While this approach is less common in the photography ecosystem, it is ubiquitous in video editing and 3D rendering. In comparison to layer based image editing with a history stack, the node-based paradigm offers non-destructive editing and changes in any step of the process as the full image is continuously recomputed with the new parameters. In comparison to non-destructive editors with a fixed pipeline, a node-based approach provides much more flexibility in the definition of the process. IAdditionally, the non-linear data flow allows splitting and merging paths of the process to facilitate local and conditional operations (pretty much anything short of iterative or recursive processes should be possible). Lastly, in comparison to programming API's for image processing, this approach provides a much more intuitive visual representation of the data flow and direct visual feedback on changes.

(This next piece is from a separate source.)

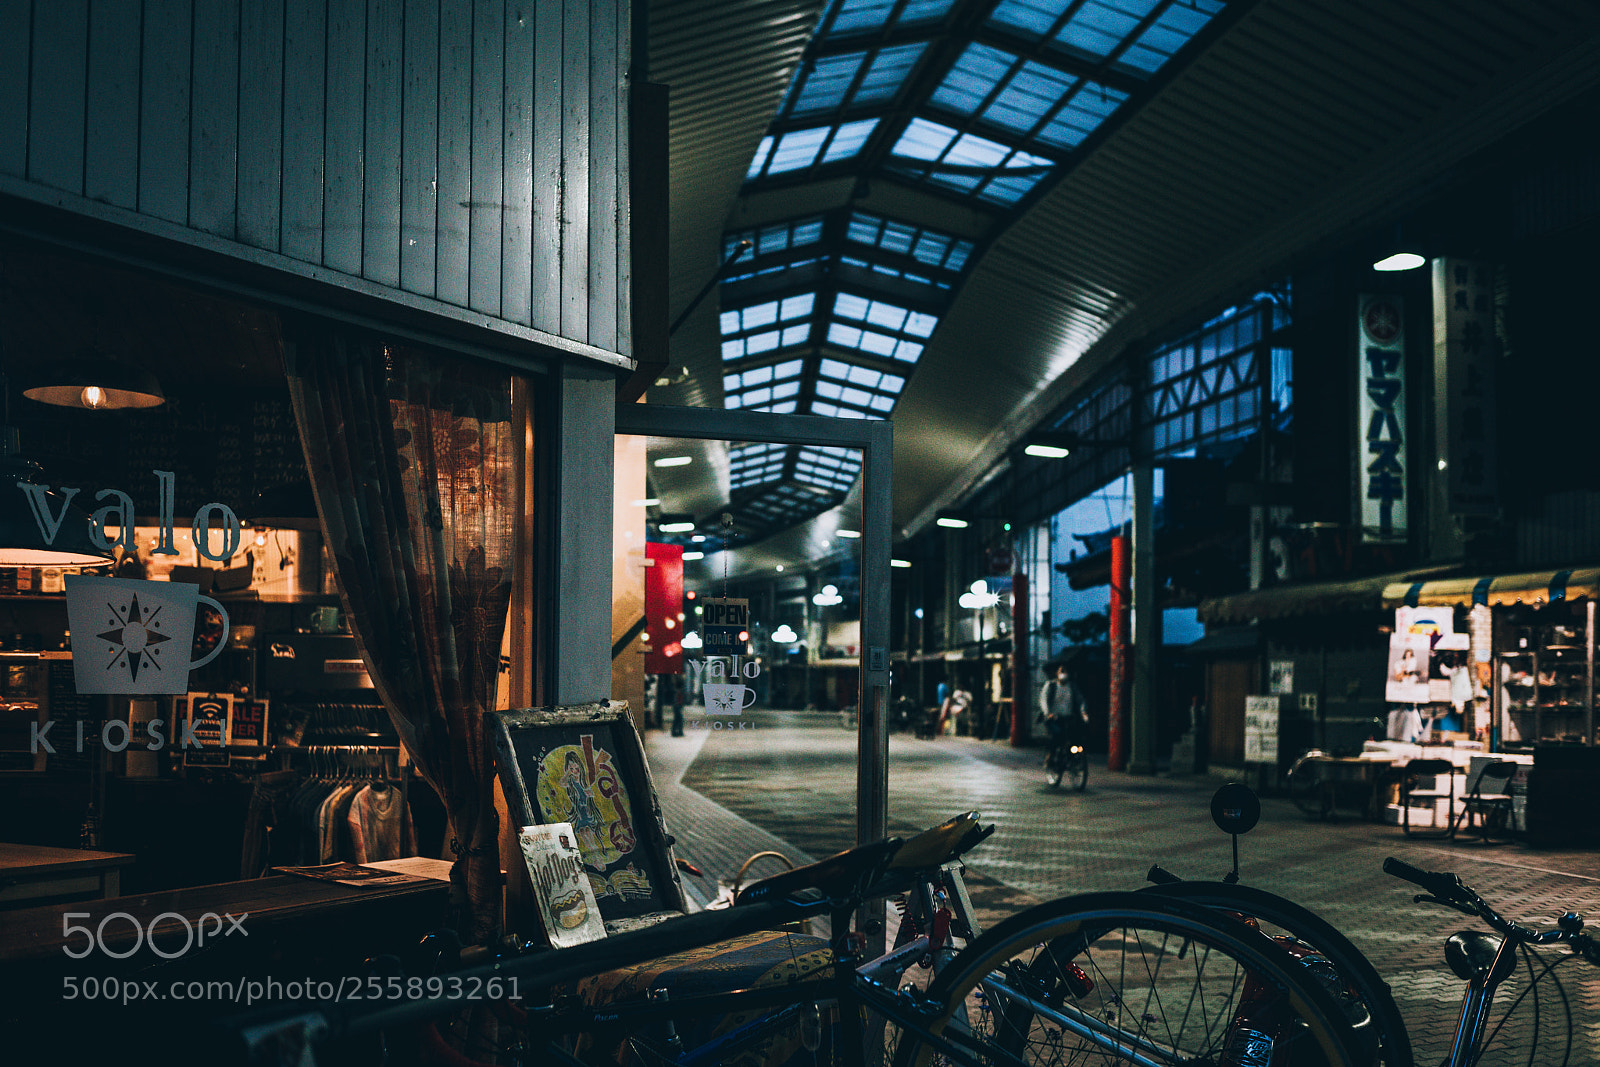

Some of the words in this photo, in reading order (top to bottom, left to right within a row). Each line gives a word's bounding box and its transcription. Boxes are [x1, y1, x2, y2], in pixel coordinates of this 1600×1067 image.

There definitely are trade-offs and it's advisable to pick the right tool for the job. Yet, this approach largely provides an intuitive experience and freedom to explore image processing while reducing cognitive overhead.
Ivy covers most of the expected photo editing operations, including:
- Light and color adjustments, 3D LUT support
- Detail enhancement, noise suppression, and spot cloning
- Parametric and painted masks, adjustment curves and layer blending
- Math operations, statistics and noise generation with various distributions
- Flexible color space manipulation, channel splitting and merging
- In-line scriptable nodes for complex expressions
- Histograms, waveforms, radial plots and intermediate previews
Some notable operators:
- Local laplacian contrast enhancement
- Domain transform edge-preserving smoothing
- Non-local means denoising
- Similarity-guided mask painting
- Luminance curves with detail preservation
- Physical film grain simulation
In addition, both image processing kernels and node definitions are fully customizable and extendable. They are both just-in-time compiled and can be edited at run-time if desired. For example, the definition of the gamma operator below:
An image processing kernel that defines the operation to be performed:
kernel gamma(I, P, O)
const x = get_global_id(0)
const y = get_global_id(1)
var i = I[x, y]
var p = P[x, y]
O[x, y] = max(i, 0.0) ^ (log(p)/log(0.5))
end
The node executor, defining how to execute the kernel:
function execute(proc)
local I, P, O = proc:getAllBuffers(3)
proc:executeKernel("gamma", size2D(O), {I, P, O})
end
And finally the node interface definition with inputs, outputs and parameters:
{
name = "Gamma",
procName = "gamma",
input = {
[0] = {cs = "XYZ"},
[1] = {cs = "Y"},
[2] = {cs = "Y"},
},
param = {
[1] = {type = "float", name = "Gamma", min = 0, max = 1, default = 0.5},
[2] = {type = "float", name = "Pivot", min = 0, max = 1, default = 1},
},
output = {
[0] = {cs = "XYZ", shape = 0}
},
}
This is largely a work in progress, mostly incomplete and possibly outdated.